# WHAT THIS TASK INVOLVES:
Only text is carried over. Reproduce the entries below exactly.
......
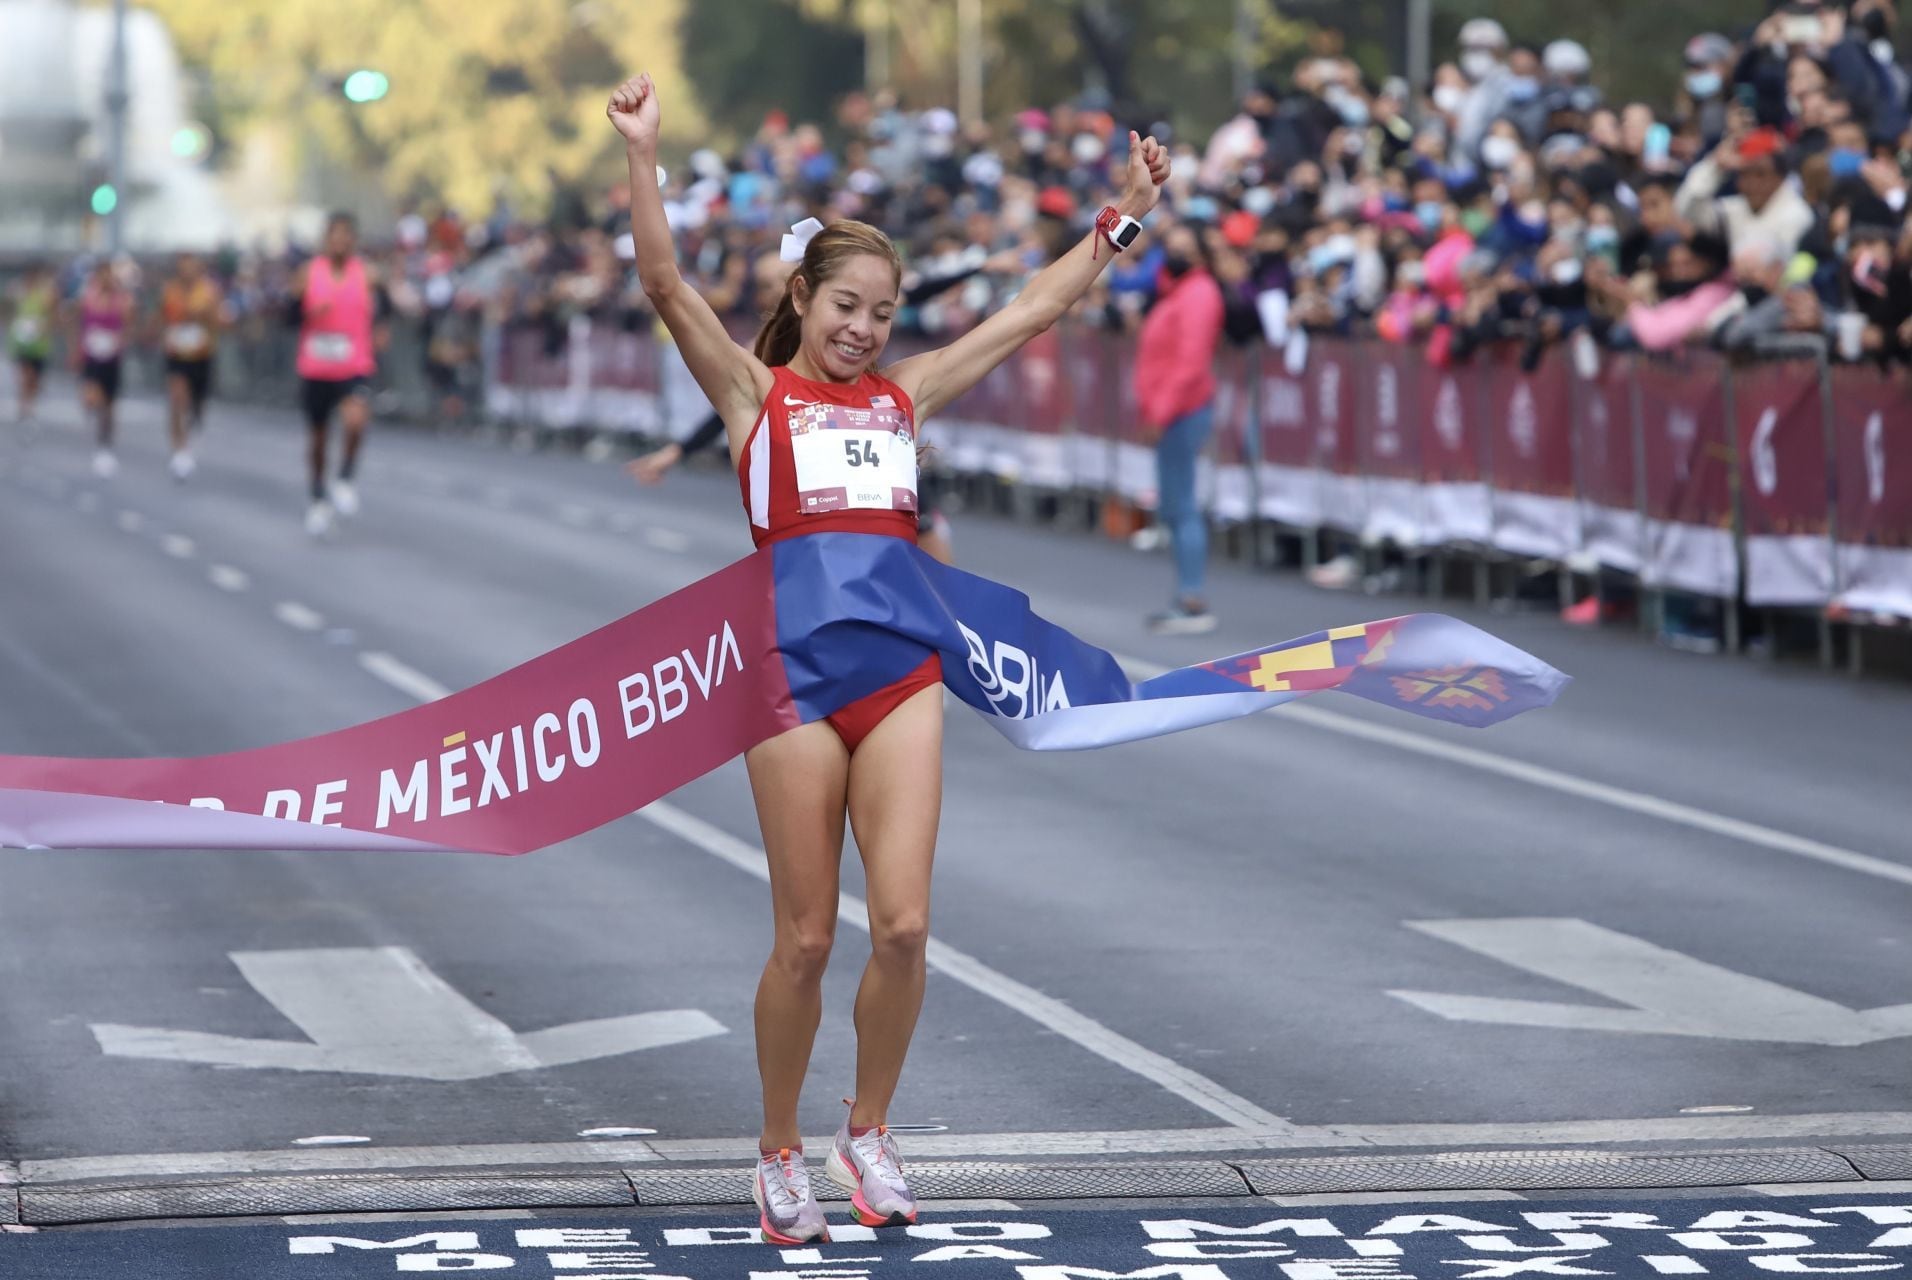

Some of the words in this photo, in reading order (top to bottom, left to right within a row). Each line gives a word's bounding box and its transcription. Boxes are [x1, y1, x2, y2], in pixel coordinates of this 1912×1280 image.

[844, 439, 880, 467] 54
[857, 493, 883, 502] BBVA
[956, 619, 1072, 721] BBVA
[375, 697, 601, 829] MÉXICO
[618, 619, 744, 740] BBVA
[288, 1222, 1054, 1255] MEDIO
[396, 1252, 656, 1272] DE
[778, 1245, 1044, 1265] LA
[1141, 1226, 1912, 1259] CIUD
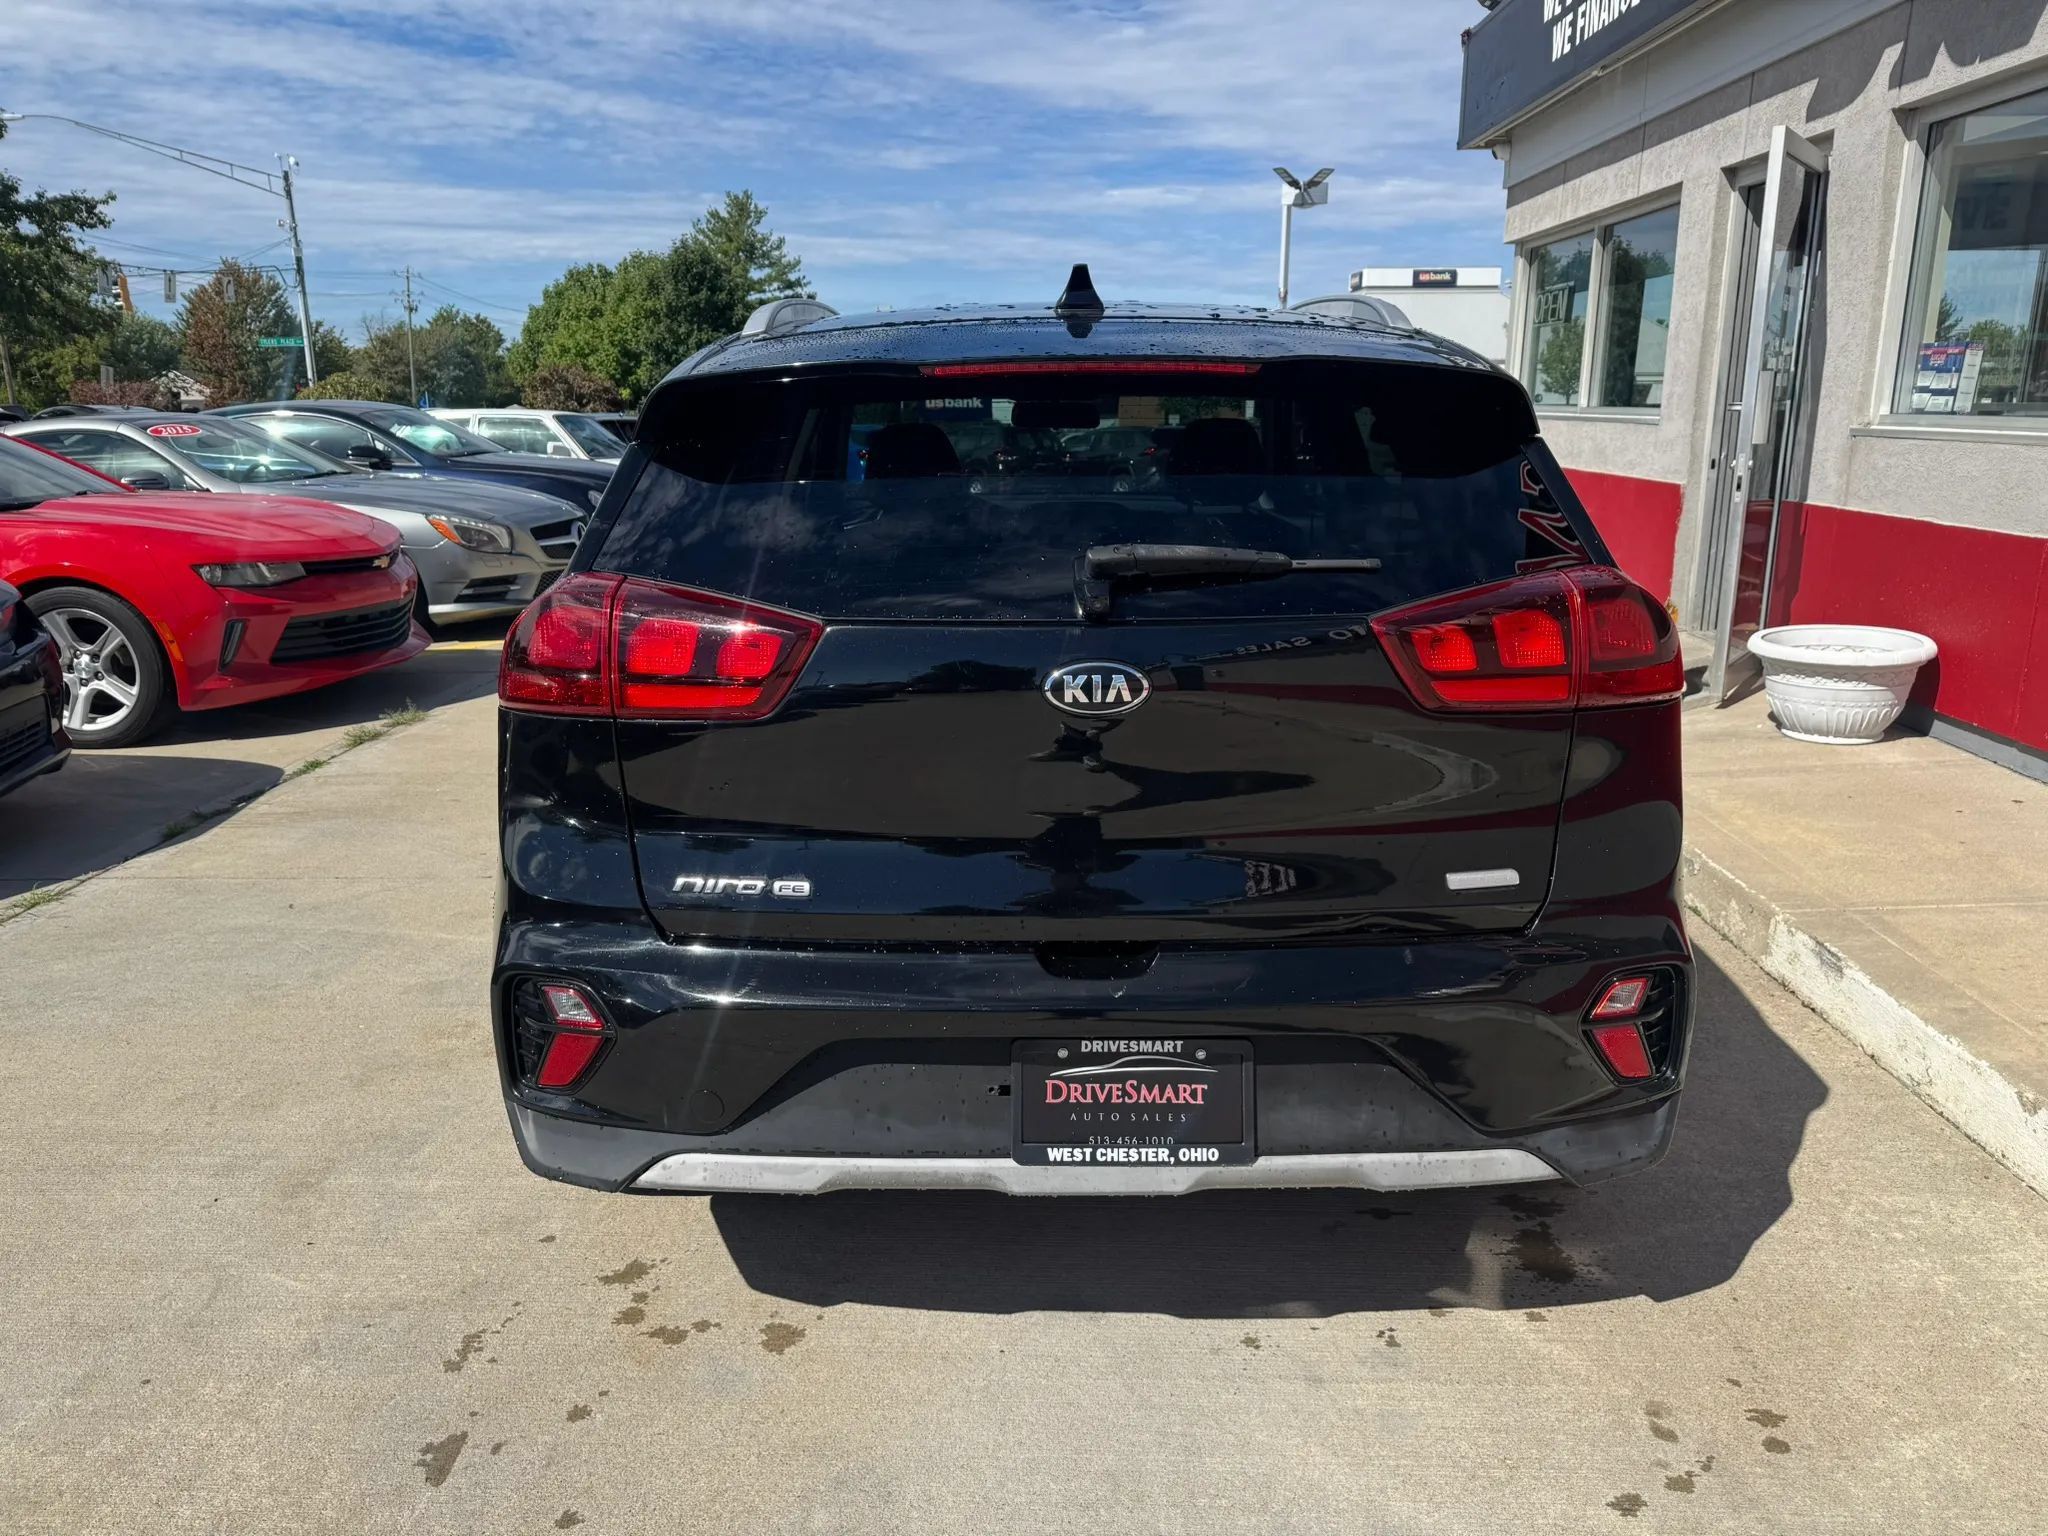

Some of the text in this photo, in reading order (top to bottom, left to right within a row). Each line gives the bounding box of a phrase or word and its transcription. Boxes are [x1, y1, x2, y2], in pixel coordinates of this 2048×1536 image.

[1551, 11, 1574, 62] WE
[1534, 289, 1569, 323] OPEN
[158, 426, 193, 435] 2015
[1062, 674, 1133, 703] KIA
[775, 882, 808, 894] FE
[1081, 1040, 1184, 1053] DRIVESMART
[1070, 1112, 1186, 1122] AUTO SALES
[1088, 1136, 1174, 1145] 513-456-1010
[1046, 1147, 1220, 1165] WEST CHESTER, OHIO
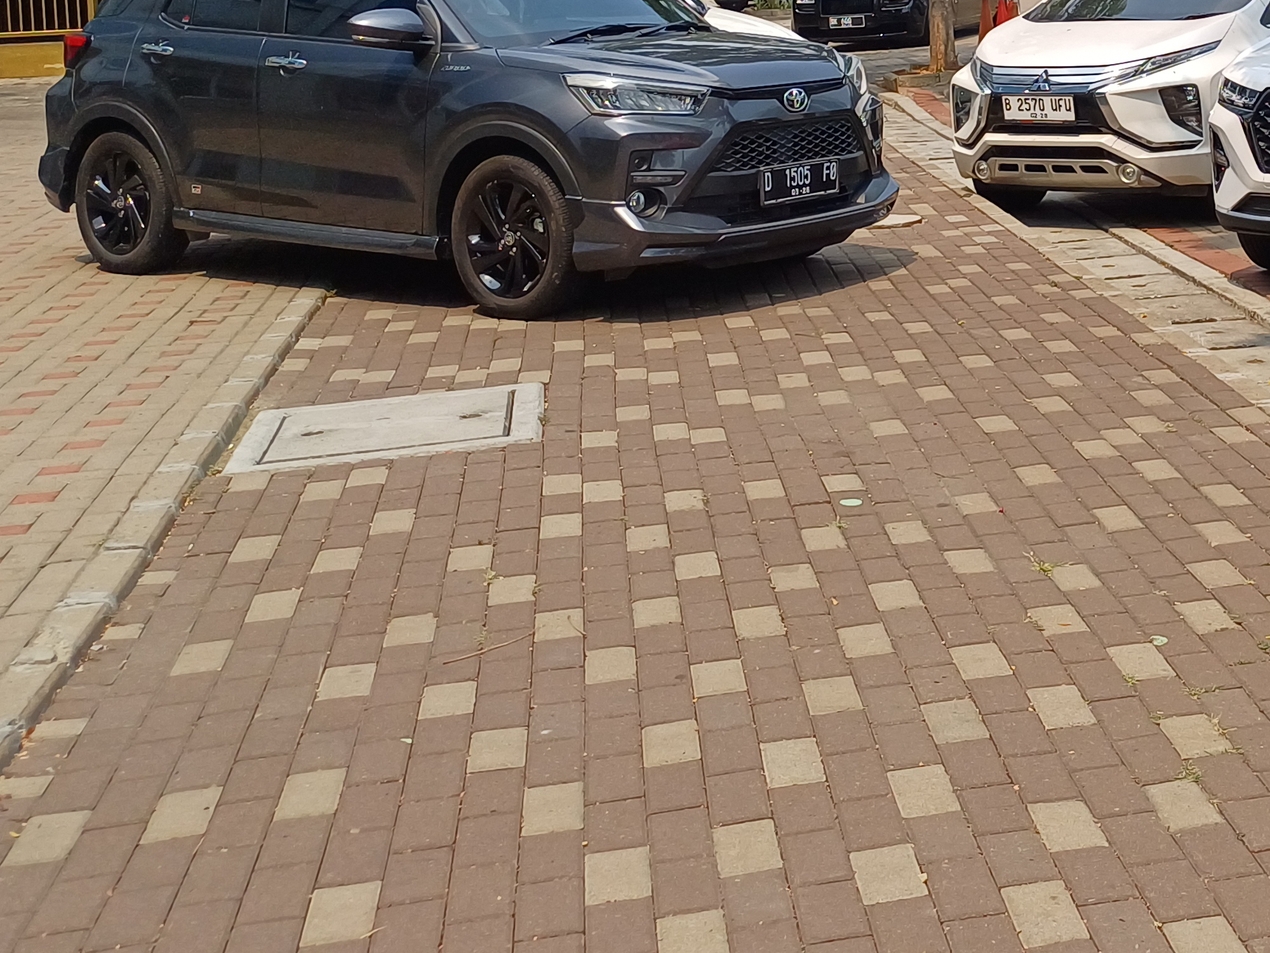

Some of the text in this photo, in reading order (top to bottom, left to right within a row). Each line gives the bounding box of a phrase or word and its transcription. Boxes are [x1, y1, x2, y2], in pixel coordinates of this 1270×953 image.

[1004, 97, 1072, 112] B 2570 UFU
[764, 171, 772, 191] D
[785, 165, 811, 188] 1505
......
# ANSWER FOR THIS EXERCISE:
Some of the words in this photo, in reading order (top to bottom, left to right within a row). Each line gives a word's bounding box and its transcription. Boxes are [x1, y1, x2, y2], in pixel coordinates of this 1912×1280 image.

[844, 439, 880, 467] 54
[857, 493, 883, 502] BBVA
[956, 619, 1072, 721] BBVA
[375, 697, 601, 829] MÉXICO
[618, 619, 744, 740] BBVA
[288, 1222, 1054, 1255] MEDIO
[396, 1252, 656, 1272] DE
[778, 1245, 1044, 1265] LA
[1141, 1226, 1912, 1259] CIUD

Some of the text in this photo, in reading order (top to bottom, left to right within a row). Each line gives the bounding box of a phrase or word and its transcription. Boxes are [x1, y1, x2, y2], in pixel coordinates of this 2048×1536 image.

[1551, 11, 1574, 62] WE
[1534, 289, 1569, 323] OPEN
[158, 426, 193, 435] 2015
[1062, 674, 1133, 703] KIA
[775, 882, 808, 894] FE
[1081, 1040, 1184, 1053] DRIVESMART
[1070, 1112, 1186, 1122] AUTO SALES
[1088, 1136, 1174, 1145] 513-456-1010
[1046, 1147, 1220, 1165] WEST CHESTER, OHIO

Some of the text in this photo, in reading order (top to bottom, left to right within a row). Each line gives the bounding box of a phrase or word and its transcription. Boxes are [x1, y1, x2, y2], in pixel coordinates of this 1270×953 image.

[1004, 97, 1072, 112] B 2570 UFU
[764, 171, 772, 191] D
[785, 165, 811, 188] 1505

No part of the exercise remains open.